TASK INSTRUCTIONS: Print every line of the data word for word.

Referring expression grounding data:

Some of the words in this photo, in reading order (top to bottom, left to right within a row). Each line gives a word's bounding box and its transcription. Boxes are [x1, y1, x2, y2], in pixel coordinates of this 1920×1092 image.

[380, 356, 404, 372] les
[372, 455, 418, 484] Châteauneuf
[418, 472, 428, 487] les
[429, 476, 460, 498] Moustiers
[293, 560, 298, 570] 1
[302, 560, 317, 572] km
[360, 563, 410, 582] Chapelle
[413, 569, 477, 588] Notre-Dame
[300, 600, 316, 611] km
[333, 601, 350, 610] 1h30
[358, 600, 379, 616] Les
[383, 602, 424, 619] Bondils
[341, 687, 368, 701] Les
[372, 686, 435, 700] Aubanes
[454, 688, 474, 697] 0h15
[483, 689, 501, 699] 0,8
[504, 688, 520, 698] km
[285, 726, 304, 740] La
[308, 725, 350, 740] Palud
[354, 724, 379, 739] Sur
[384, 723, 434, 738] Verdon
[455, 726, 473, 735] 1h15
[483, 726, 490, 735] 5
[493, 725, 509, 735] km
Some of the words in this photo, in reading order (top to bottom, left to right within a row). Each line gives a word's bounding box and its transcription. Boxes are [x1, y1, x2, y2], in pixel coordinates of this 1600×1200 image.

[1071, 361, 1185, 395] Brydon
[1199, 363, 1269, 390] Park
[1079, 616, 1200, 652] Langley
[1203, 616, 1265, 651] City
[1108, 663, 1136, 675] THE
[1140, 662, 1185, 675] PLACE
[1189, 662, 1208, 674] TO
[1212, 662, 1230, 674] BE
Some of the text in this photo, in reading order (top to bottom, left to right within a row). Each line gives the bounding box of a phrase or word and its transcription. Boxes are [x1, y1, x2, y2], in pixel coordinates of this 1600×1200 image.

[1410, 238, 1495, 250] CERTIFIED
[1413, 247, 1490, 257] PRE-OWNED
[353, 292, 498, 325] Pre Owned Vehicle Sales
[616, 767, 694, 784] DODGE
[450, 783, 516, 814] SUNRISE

THE ANSWER:
Some of the words in this photo, in reading order (top to bottom, left to right within a row). Each line gives a word's bounding box and its transcription. Boxes are [x1, y1, x2, y2], in pixel coordinates of this 1920×1092 image.

[380, 356, 404, 372] les
[372, 455, 418, 484] Châteauneuf
[418, 472, 428, 487] les
[429, 476, 460, 498] Moustiers
[293, 560, 298, 570] 1
[302, 560, 317, 572] km
[360, 563, 410, 582] Chapelle
[413, 569, 477, 588] Notre-Dame
[300, 600, 316, 611] km
[333, 601, 350, 610] 1h30
[358, 600, 379, 616] Les
[383, 602, 424, 619] Bondils
[341, 687, 368, 701] Les
[372, 686, 435, 700] Aubanes
[454, 688, 474, 697] 0h15
[483, 689, 501, 699] 0,8
[504, 688, 520, 698] km
[285, 726, 304, 740] La
[308, 725, 350, 740] Palud
[354, 724, 379, 739] Sur
[384, 723, 434, 738] Verdon
[455, 726, 473, 735] 1h15
[483, 726, 490, 735] 5
[493, 725, 509, 735] km
Some of the words in this photo, in reading order (top to bottom, left to right within a row). Each line gives a word's bounding box and its transcription. Boxes are [x1, y1, x2, y2], in pixel coordinates of this 1600×1200 image.

[1071, 361, 1185, 395] Brydon
[1199, 363, 1269, 390] Park
[1079, 616, 1200, 652] Langley
[1203, 616, 1265, 651] City
[1108, 663, 1136, 675] THE
[1140, 662, 1185, 675] PLACE
[1189, 662, 1208, 674] TO
[1212, 662, 1230, 674] BE
Some of the text in this photo, in reading order (top to bottom, left to right within a row). Each line gives the bounding box of a phrase or word and its transcription. Boxes are [x1, y1, x2, y2], in pixel coordinates of this 1600×1200 image.

[1410, 238, 1495, 250] CERTIFIED
[1413, 247, 1490, 257] PRE-OWNED
[353, 292, 498, 325] Pre Owned Vehicle Sales
[616, 767, 694, 784] DODGE
[450, 783, 516, 814] SUNRISE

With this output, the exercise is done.